LAURA BERG had never worried about speaking her mind. The 52-year-old psychiatric nurse at Albuquerque's Veterans Affairs Medical Center was no fan of the Bush administration, and neither were most of her colleagues at the V.A.

"We'd sometimes talk politics over lunch," Berg says. "We have a pretty liberal-leaning section. I can't say it's been a repressive environment."

Last September, Berg was off work and reading coverage of Hurricane Katrina that inflamed her feelings about the White House. Feeling irate and "full of passion," she pounded out a letter to her U.S. senators and several Albuquerque newspapers, scorching the administration for bungling the recovery.

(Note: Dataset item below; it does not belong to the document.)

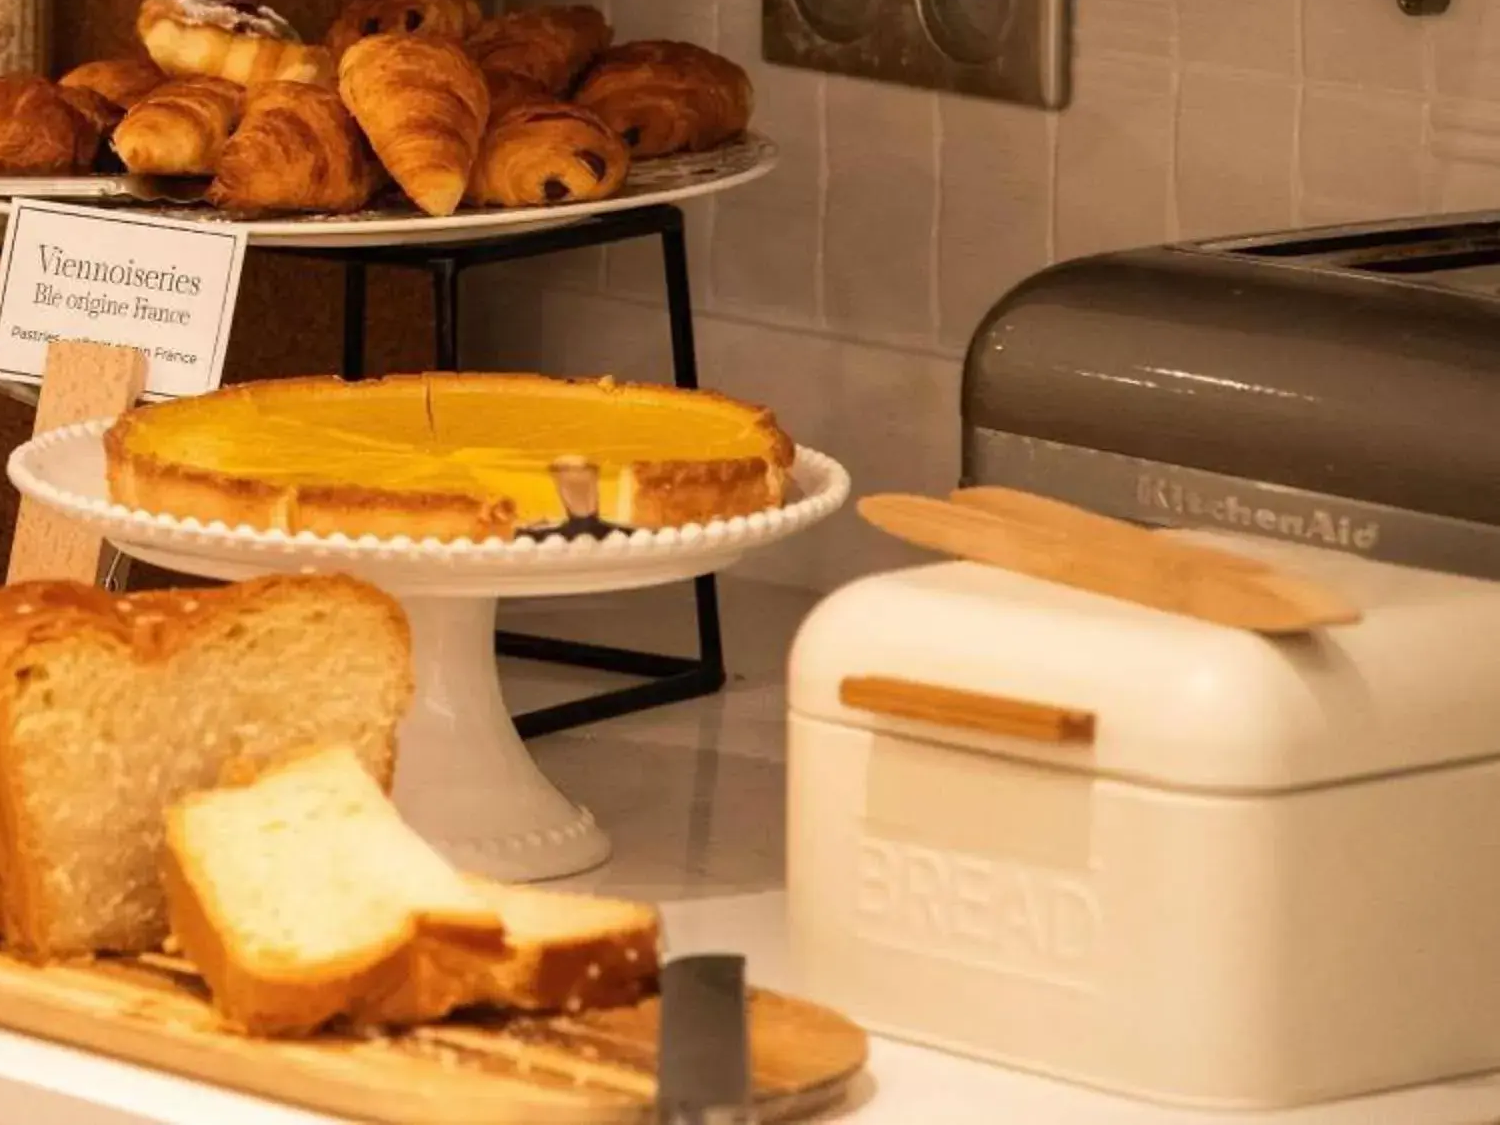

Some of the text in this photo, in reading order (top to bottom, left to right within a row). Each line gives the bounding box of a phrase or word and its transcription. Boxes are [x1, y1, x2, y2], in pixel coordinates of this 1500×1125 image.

"Bush, Cheney, Chertoff, Brown, and Rice should be tried for criminal negligence," she wrote. "We need to wake up and get real here, and act forcefully to remove a government administration playing games of smoke and mirrors and vicious deceit."

Alibi, a local alternative newspaper, printed the letter. When Berg came into work the next day, she was greeted by co-workers who loved what she wrote but had heard that "some people were upset." They told Berg to contact the American Federation of Government Employees Union. When she did, she was informed that Human Resources Director Mel Hooker had reported her insubordinate letter "up the ladder" to the FBI. Soon thereafter, Berg's work computer was seized and searched on the suspicion she'd used it to write the letter.

After her hard drive was copied and searched, Berg sent a memo to the higher-ups, asking exactly what was going on. In mid-November she got a response from Hooker, acquitting her of misusing the computer while ominously warning of more scrutiny to come. "You have insulted the very government that employs you," Hooker's letter read, "and the agency has a responsibility to investigate you for possible sedition."

That message shifted the momentum in Berg's favor. New Mexico's branch of the American Civil Liberties Union (ACLU) offered to help her case, and its information requests and P.R. efforts threatened to embarrass the V.A. In February, Sen. Jeff Bingaman (D-N.M.) wrote a letter of concern to Veterans Affairs Secretary R. James Nicholson. A month later, Nicholson responded and made it clear that Berg's letter to the editor "did not amount to sedition."

Today Berg is off the hook, and the V.A. is waving off the whole affair. ("We have apologized," says department spokesman Bill Armstrong. "Our director has...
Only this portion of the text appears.